I was expecting that when something didn’t function, I would be given some kind of indication why. Instead SuSE pretended that everything was hunky-dory, leaving me no clue as to where to begin to look for solutions. Even if I could have gotten some kind of cryptic message like, “25324k frumpjik missing swrifty floryt,” I could have looked those words up somewhere and began to piece together what was happening. (I still remember how to debug, dammit!) But, no such luck.
I’ve worked in IT for a long time. Early on I learned that to believe that the end-user is stupid and always wrong because they have no interest in becoming an uber-geek is a misguided attitude, to say the least. End-users understand the business. Without them, IT would become rapidly unnecessary. IT is there to support the business experts with tools that streamline their processes and help to solve business problems. TOOLS And tools must be useful, or IT has missed the boat.
Ahh… but the open source community creates software pretty much just for itself. Yeah… that makes a difference, I guess.
Windows rules the desktops of the world not only because of Microsoft’s admittedly draconian marketing practices — which I in no way agree with — but because the guy off the street can for a few bucks by a CD, stick it in a drive, install a new program, and do some useful work, all with very little training. And can bring home an external drive and plug it into a USB port and have it magically work. And can bring home a new printer, plug it in, and print a picture of his kids without having to understand a bunch of cryptic command-line gobbledygook. Microsoft plays to that because it has learned the lesson of the end user: Make it simple enough for anyone to use, and everyone will want to use it — and they’ll bring their friends along to the party. And, yeah, that makes XP a bunch less uber-geek techie than Linux, and therefore less sexy to have on your desktop. But it also makes it more useful to the typical person-on-the-street. Those who denigrate Windows for it’s eye candy, etc., should remember that M$ is crying all the way to the bank.
When the open source community stops its circle-jerk and starts creating software with the end-user in mind instead of what gives it a collective hard-on, then Linux will give Windows a run for its money. But not until then.

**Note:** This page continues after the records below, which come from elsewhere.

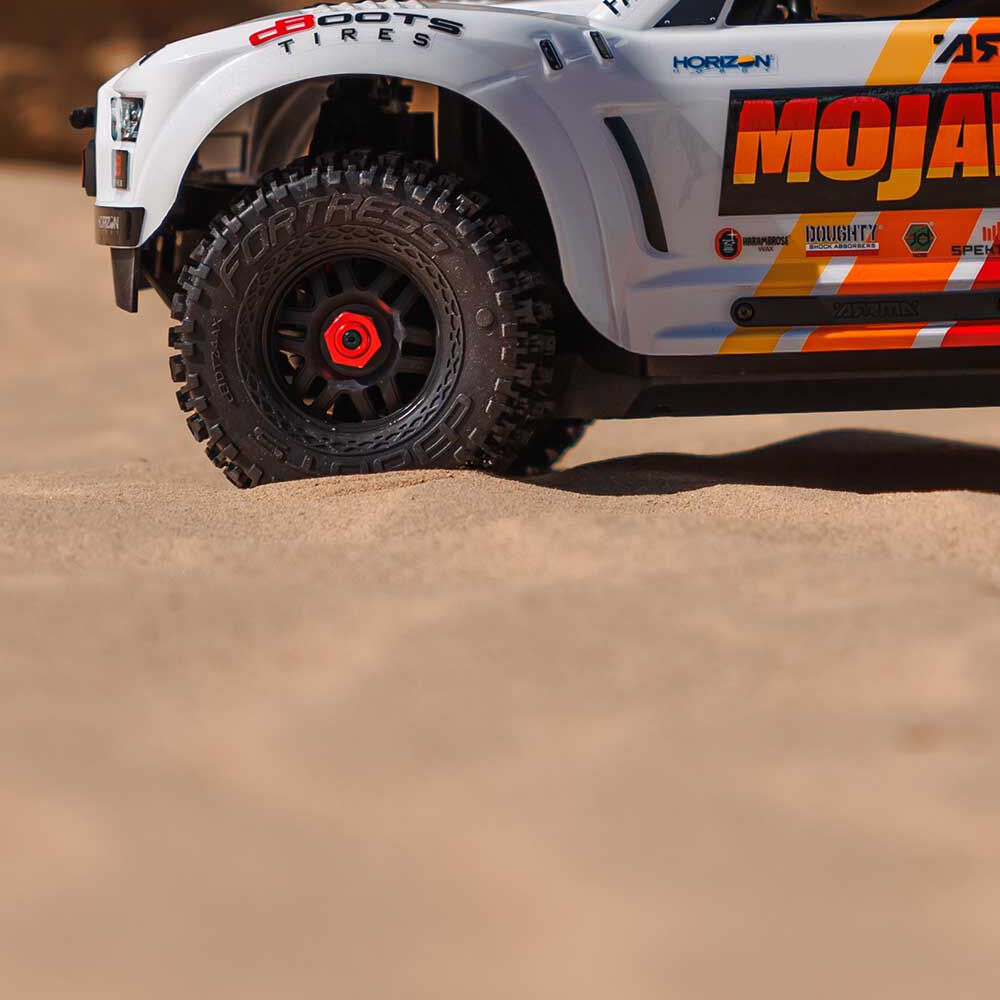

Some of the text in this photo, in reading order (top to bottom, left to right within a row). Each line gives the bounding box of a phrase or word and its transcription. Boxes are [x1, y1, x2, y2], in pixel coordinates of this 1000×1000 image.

[278, 27, 431, 55] TIRES
[672, 54, 772, 69] HORIZON
[806, 224, 878, 243] DOUGHTY
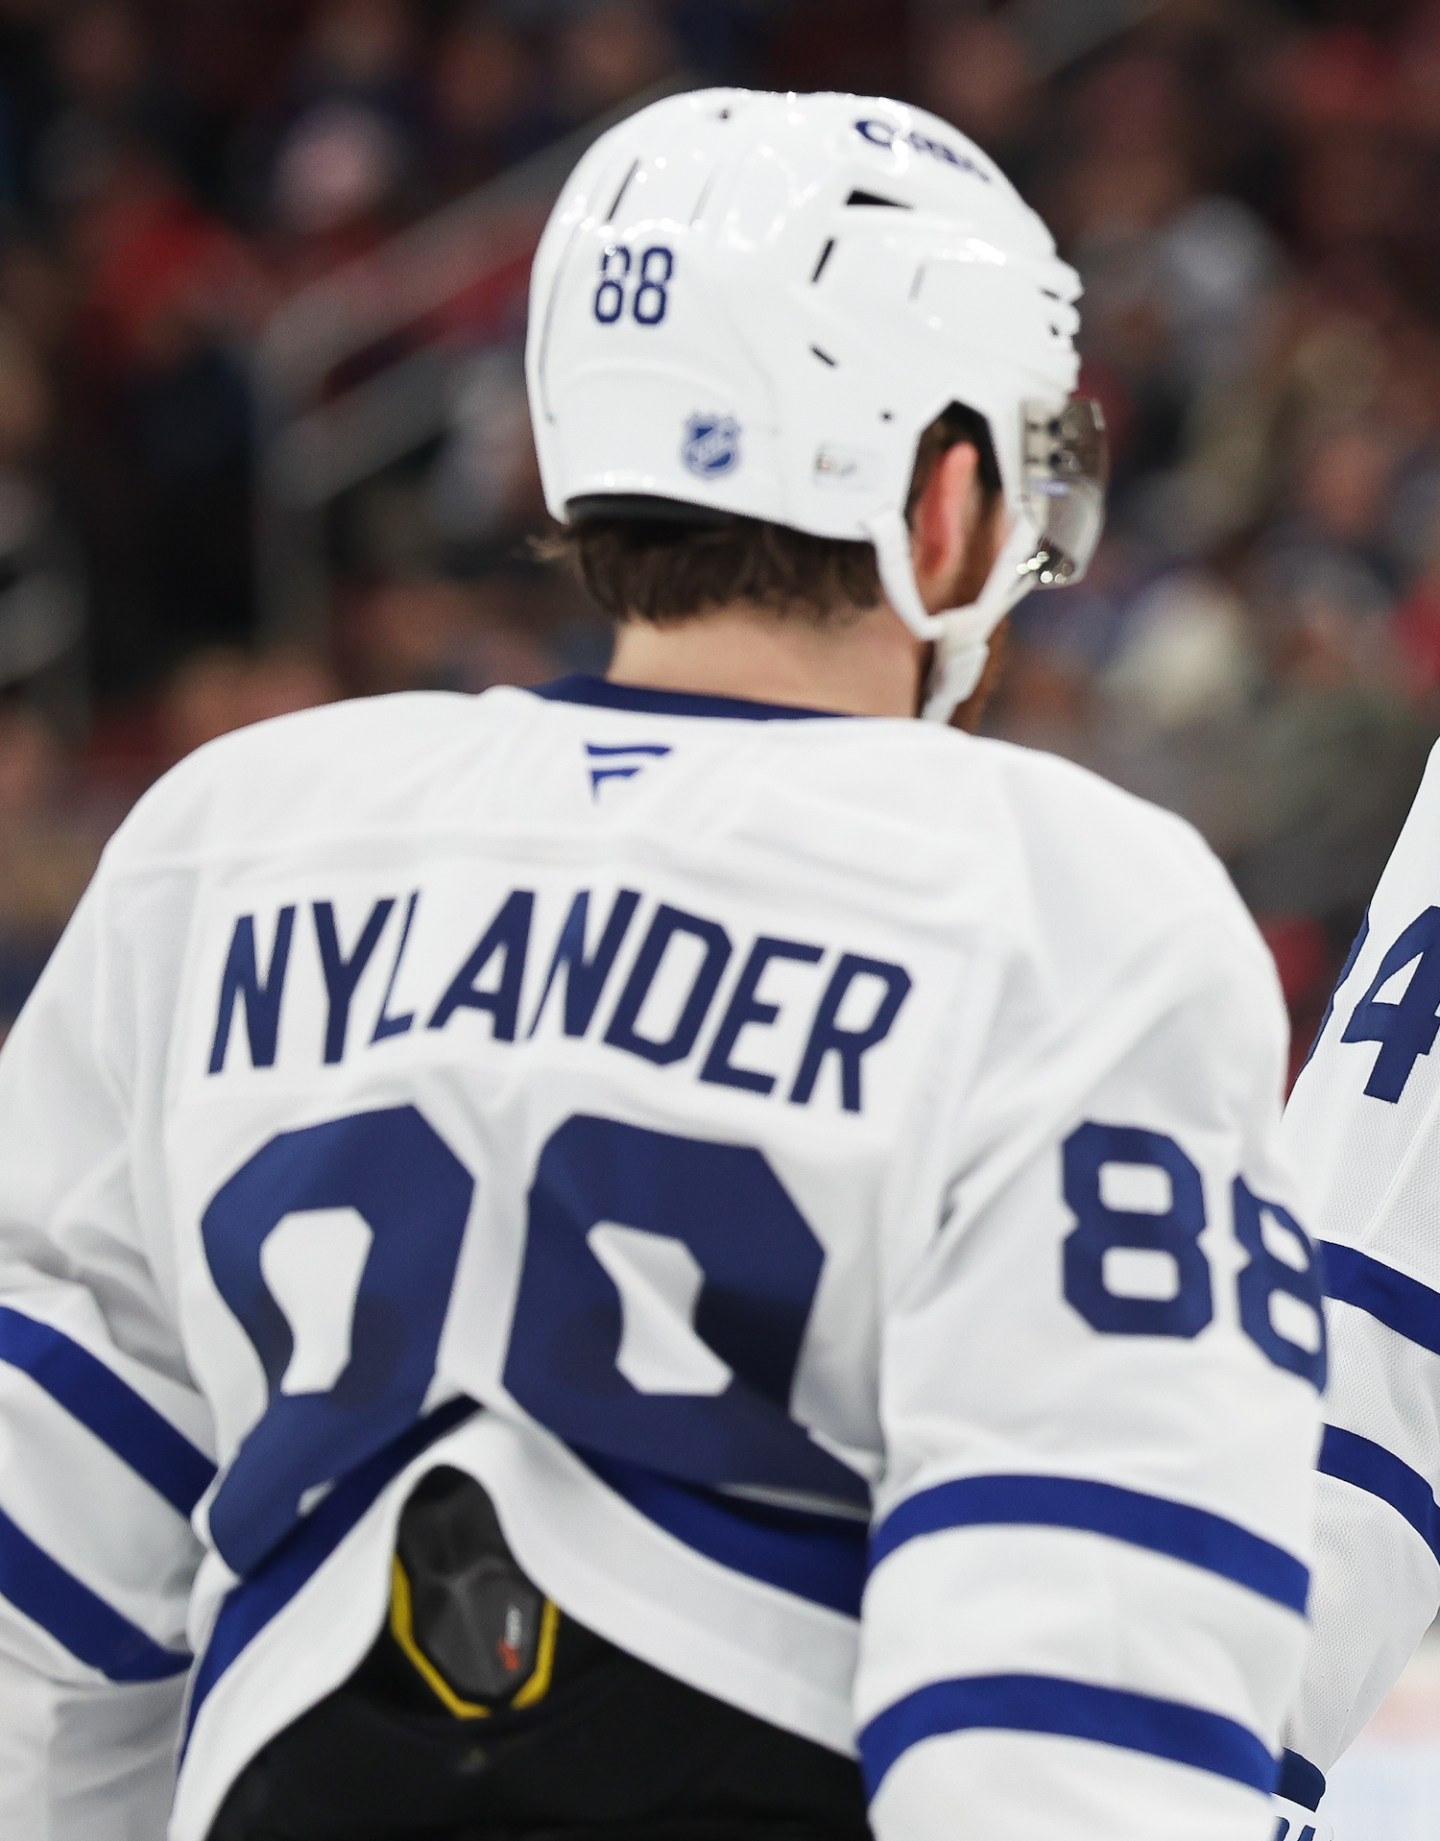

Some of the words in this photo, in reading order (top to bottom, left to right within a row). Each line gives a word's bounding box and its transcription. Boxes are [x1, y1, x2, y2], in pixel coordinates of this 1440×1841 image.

[595, 246, 673, 324] 88
[208, 888, 912, 1113] NYLANDER
[1062, 1121, 1327, 1395] 88

Yesterday I went to a movie with #1 Son and one of his friends. #1 Son is currently wearing his hair “charged,” (i.e. sticking straight out all over his head, a la finger-in-light socket). On the way out of the theater, a woman started gushing (there is no other word), “Oh! How do you get your hair to do that? Oh! That’s so cool!” She went on and on and on. #1 Son just kept walking, and with a perfectly straight face said, “It’s magic.” I laughed all the way home.
I’ll keep dinking around with Linux when I have time, because I’m stubborn and I want to learn more about it, and yadda yadda yadda. But, darn it, when I sit down to do useful work, I don’t want to have to drag out the blow drier and the straightening iron and the hairspray. I want it to just be magic. I promise not to gush about it.